Most children love to be the center of attention occasionally. You don't have to worry that showing your child how much you love him will turn him into a narcissist. According to an article on "Psychiatric Annals Online," the healthy narcissism of childhood is not harmful by itself. Even though all kids can be narcissistic sometimes, most of them also have the ability to think about and care about how other people feel. They might want to feel special, but they want their friends to feel special, too. When your child does something mildly narcissistic, just talk to her about your values and how you expect her to treat others.

Unhealthy Narcissism

Unhealthy narcissism looks different from the normal childhood tendency to be a little self-centered. While any child might get upset if another kid does better in a contest or gets a present when he doesn't, a narcissistic child can't tolerate the idea of anyone else being praised or getting attention -- ever. According to the "Psychiatric Annals Online" article, narcissistic children have an unrealistic yet fragile self-image. A narcissistic child thinks of herself as the most important person in the world, yet demands constant reassurance from others.
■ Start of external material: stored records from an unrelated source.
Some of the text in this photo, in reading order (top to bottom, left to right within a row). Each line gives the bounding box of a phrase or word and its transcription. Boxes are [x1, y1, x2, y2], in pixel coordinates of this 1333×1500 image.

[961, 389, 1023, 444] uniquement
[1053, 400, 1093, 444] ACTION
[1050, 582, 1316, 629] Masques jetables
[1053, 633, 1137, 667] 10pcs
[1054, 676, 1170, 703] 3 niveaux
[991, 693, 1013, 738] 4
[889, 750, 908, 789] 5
If anyone else becomes the center of attention, the narcissistic child might become explosively angry. Teaching a narcissistic child to change his approach to relationships requires substantial effort.

Empathy and Accountability

If a narcissistic child accidentally hurts another child by doing something careless, he won't seem to feel bad about it and he won't tolerate any criticism about it. Instead, he'll blame the child who got hurt. According to family therapist Karyl McBride in "Psychology Today," this pattern can be reversed only by emphasizing empathy and accountability. Hold your child consistently responsible for her own actions and praise her or reward her in some way when she accepts responsibility for her own actions. Demonstrate empathy in every possible circumstance, and praise or reward your child when he shows signs of empathy.
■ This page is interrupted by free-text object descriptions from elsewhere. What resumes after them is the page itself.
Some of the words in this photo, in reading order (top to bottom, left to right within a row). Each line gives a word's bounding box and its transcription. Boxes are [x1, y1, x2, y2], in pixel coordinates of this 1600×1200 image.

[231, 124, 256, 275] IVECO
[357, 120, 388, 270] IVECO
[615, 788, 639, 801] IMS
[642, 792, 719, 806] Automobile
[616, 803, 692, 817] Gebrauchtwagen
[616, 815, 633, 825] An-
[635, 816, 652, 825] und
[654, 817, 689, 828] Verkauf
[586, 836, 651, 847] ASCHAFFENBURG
Narcissistic Personality Disorder

Most mental health counselors are reluctant to diagnose children as having a personality disorder because the personality is not completely formed until adulthood. However, without intervention, a childhood pattern of self-centered behavior can develop into narcissistic personality disorder in adulthood. Risk factors for NPD include being overindulged by parents, being discouraged from expressing emotion, lack of affection in the family, divorce and other family issues. According to McBride, children of narcissistic parents often pass on the same behaviors to their own children. In cases of NPD, the Mayo Clinic recommends family therapy to address the underlying causes of the problem.